> _WHAT THE TASK REQUIRES_: Whenever the word "AWAY" appears in a line of the data below, copy that line.

> _SOURCE DATA_:
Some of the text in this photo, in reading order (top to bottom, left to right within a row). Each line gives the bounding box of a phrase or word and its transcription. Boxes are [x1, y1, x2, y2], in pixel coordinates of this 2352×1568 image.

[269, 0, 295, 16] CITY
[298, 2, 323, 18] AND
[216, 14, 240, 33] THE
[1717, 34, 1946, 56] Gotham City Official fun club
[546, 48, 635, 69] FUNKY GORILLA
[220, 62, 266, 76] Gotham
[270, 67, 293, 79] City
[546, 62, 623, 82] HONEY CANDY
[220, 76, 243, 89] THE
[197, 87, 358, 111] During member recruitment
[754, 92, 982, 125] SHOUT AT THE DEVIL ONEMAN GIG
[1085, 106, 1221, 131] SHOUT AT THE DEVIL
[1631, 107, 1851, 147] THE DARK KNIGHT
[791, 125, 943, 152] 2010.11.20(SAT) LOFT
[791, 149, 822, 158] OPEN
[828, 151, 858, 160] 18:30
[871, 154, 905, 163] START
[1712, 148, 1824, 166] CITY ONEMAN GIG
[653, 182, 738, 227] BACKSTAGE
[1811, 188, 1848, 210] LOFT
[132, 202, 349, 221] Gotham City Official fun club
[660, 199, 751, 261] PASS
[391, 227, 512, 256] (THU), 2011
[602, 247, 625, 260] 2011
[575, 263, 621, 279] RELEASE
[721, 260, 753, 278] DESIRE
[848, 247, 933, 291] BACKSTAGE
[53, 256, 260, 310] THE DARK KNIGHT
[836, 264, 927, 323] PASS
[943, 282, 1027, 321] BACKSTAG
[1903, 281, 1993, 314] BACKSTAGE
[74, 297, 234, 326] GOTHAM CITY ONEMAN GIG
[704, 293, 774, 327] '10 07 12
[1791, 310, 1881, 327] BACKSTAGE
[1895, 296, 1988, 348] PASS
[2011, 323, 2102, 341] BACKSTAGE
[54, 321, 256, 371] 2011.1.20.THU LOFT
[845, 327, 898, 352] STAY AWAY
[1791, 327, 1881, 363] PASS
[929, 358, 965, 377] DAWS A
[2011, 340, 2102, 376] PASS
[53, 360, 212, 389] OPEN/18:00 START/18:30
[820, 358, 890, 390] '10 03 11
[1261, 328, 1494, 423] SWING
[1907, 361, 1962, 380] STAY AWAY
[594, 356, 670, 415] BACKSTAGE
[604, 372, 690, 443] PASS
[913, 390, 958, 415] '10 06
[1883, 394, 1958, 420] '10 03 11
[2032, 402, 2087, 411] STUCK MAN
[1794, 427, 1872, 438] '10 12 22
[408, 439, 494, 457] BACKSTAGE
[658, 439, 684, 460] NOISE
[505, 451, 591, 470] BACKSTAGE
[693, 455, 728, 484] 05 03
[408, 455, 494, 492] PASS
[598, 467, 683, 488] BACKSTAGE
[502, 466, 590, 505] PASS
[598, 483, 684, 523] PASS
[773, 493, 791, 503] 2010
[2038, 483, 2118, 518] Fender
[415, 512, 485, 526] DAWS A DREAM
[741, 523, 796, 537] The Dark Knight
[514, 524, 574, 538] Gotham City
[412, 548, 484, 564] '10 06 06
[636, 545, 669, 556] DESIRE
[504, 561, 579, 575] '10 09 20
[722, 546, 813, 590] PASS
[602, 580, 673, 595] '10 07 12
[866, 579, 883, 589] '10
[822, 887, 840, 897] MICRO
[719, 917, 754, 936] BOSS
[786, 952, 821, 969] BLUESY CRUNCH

> _EXERCISE ANSWER_:
[845, 327, 898, 352] STAY AWAY
[1907, 361, 1962, 380] STAY AWAY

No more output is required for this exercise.